====== Material shown ======
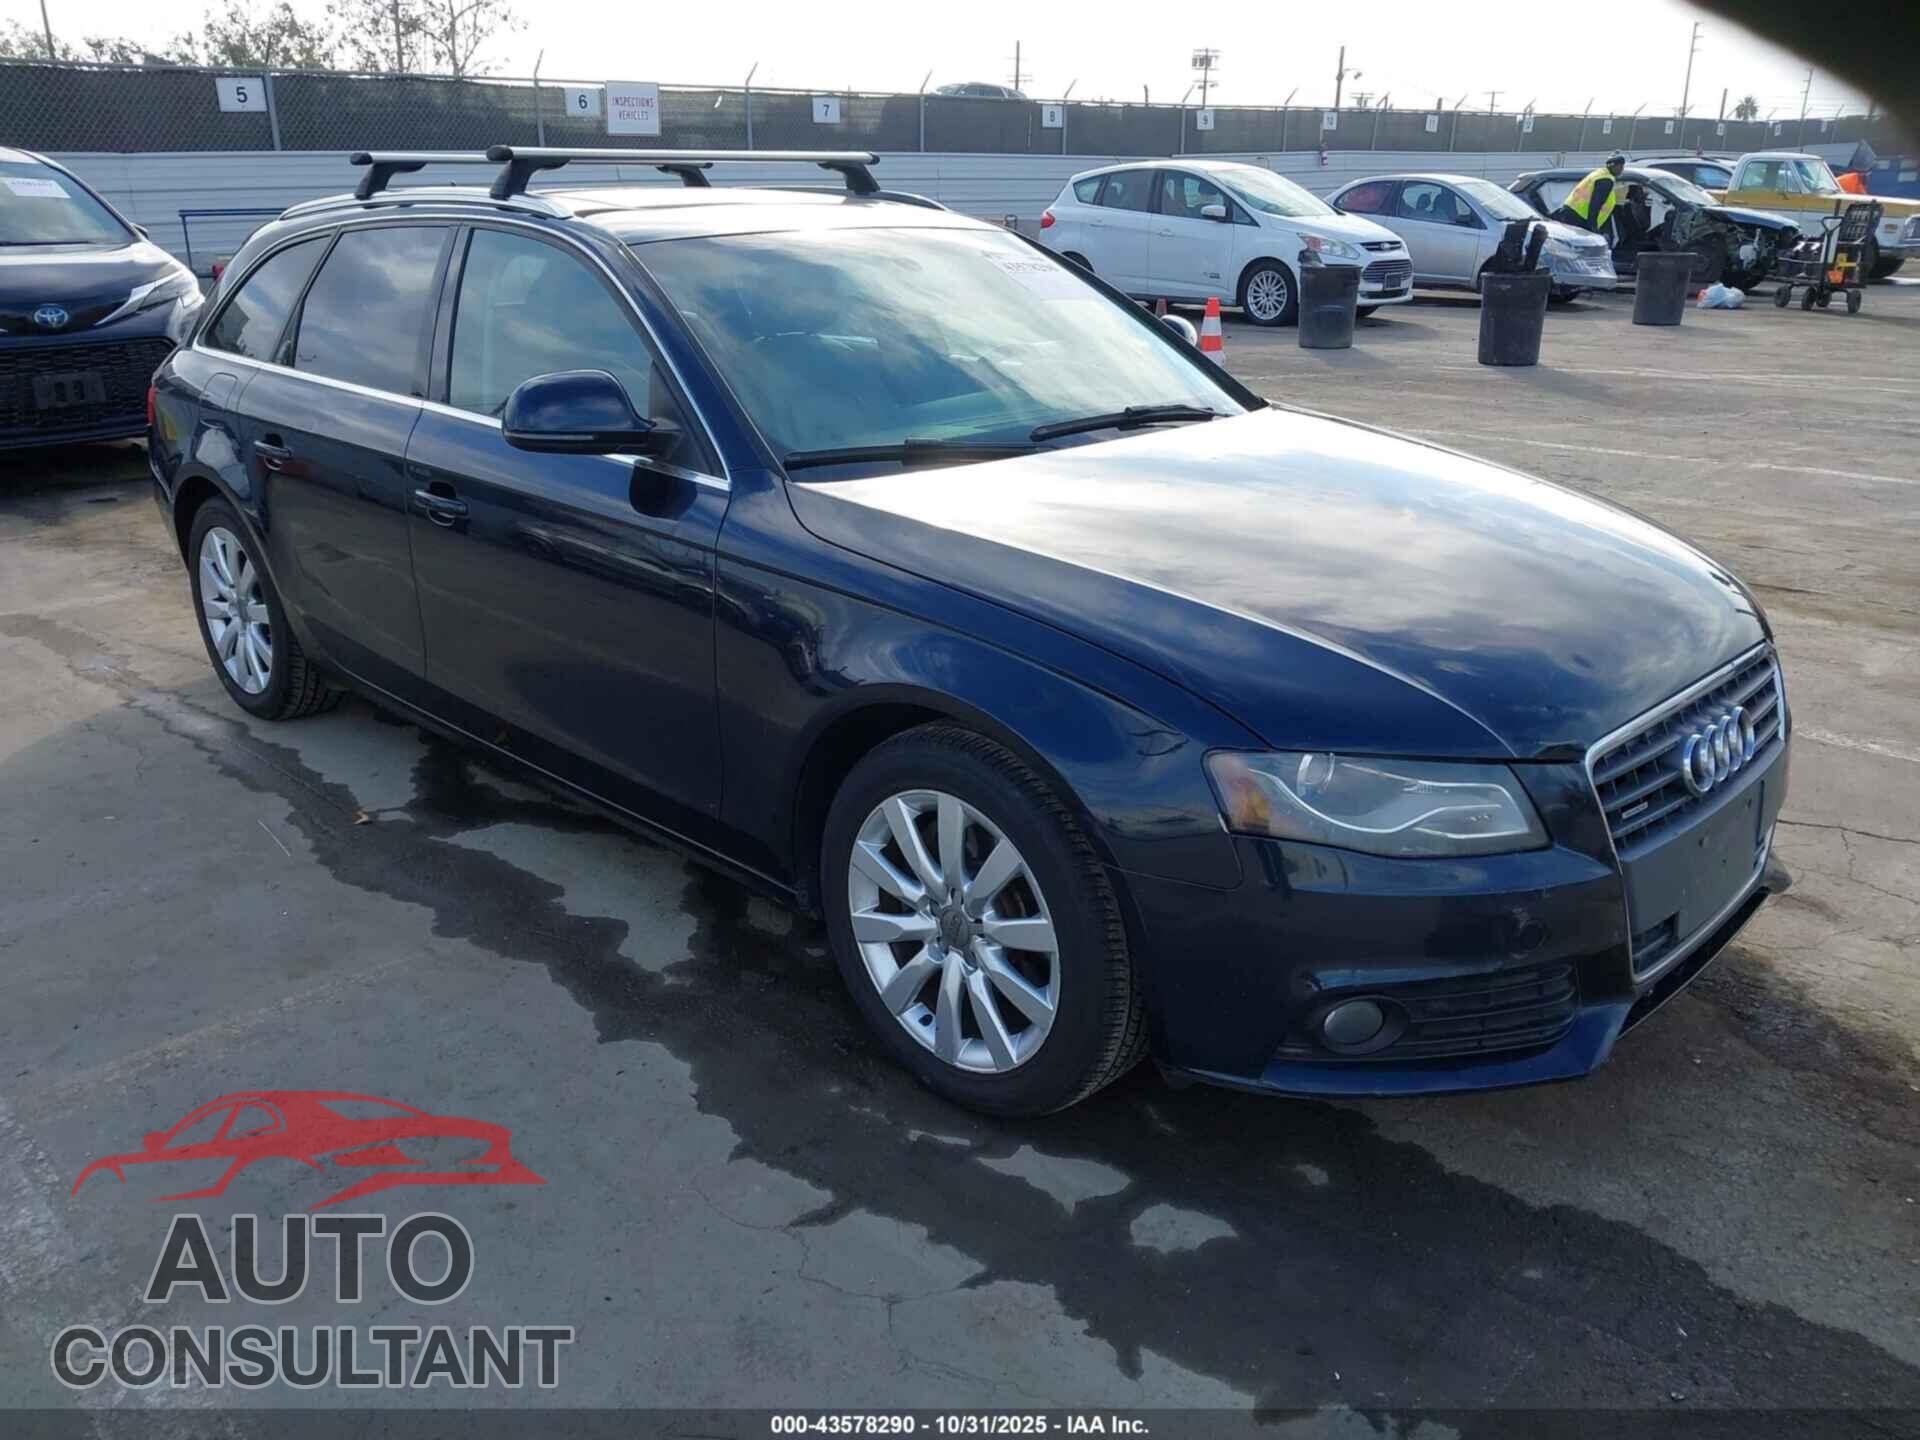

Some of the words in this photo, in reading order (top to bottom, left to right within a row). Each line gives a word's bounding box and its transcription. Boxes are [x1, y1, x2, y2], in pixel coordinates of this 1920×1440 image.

[236, 86, 248, 103] 5
[578, 94, 588, 109] 6
[612, 96, 655, 108] INSPECTIONS
[618, 110, 649, 121] VEHICLES
[823, 104, 830, 117] 7
[1049, 110, 1056, 122] 8
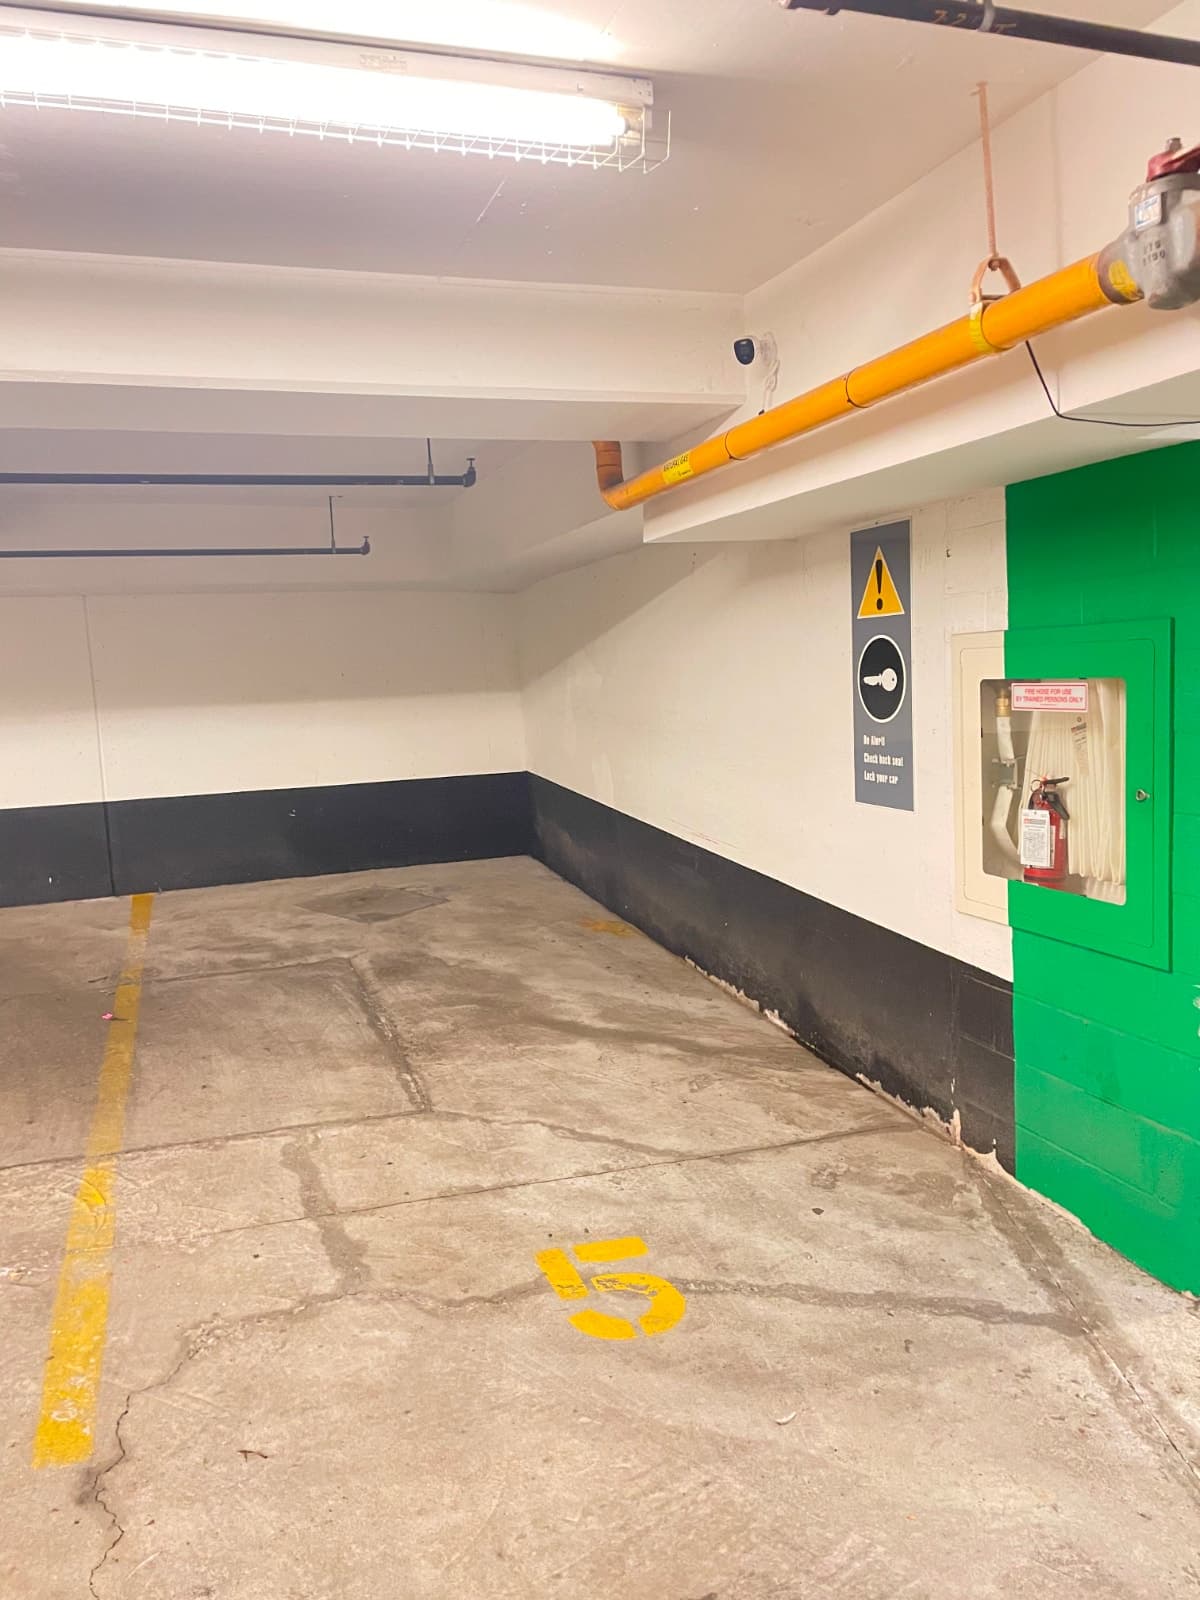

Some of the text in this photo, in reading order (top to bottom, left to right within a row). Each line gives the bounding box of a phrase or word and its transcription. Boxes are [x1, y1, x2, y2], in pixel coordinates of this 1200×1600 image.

[863, 752, 878, 764] Check
[879, 754, 891, 766] back
[863, 769, 899, 785] Lock your car
[535, 1236, 686, 1340] 5
======
**What the task requires**:
The data above must be written out again without alteration, and the pictures in them must be excluded.

**Answer for this exercise**:
Some of the words in this photo, in reading order (top to bottom, left to right within a row). Each line gives a word's bounding box and its transcription. Boxes are [x1, y1, x2, y2], in pixel coordinates of this 1920×1440 image.

[236, 86, 248, 103] 5
[578, 94, 588, 109] 6
[612, 96, 655, 108] INSPECTIONS
[618, 110, 649, 121] VEHICLES
[823, 104, 830, 117] 7
[1049, 110, 1056, 122] 8

Some of the text in this photo, in reading order (top to bottom, left to right within a row). Each line gives the bounding box of a phrase or word and its transcription. Boxes are [x1, y1, x2, y2], in pixel coordinates of this 1200×1600 image.

[863, 752, 878, 764] Check
[879, 754, 891, 766] back
[863, 769, 899, 785] Lock your car
[535, 1236, 686, 1340] 5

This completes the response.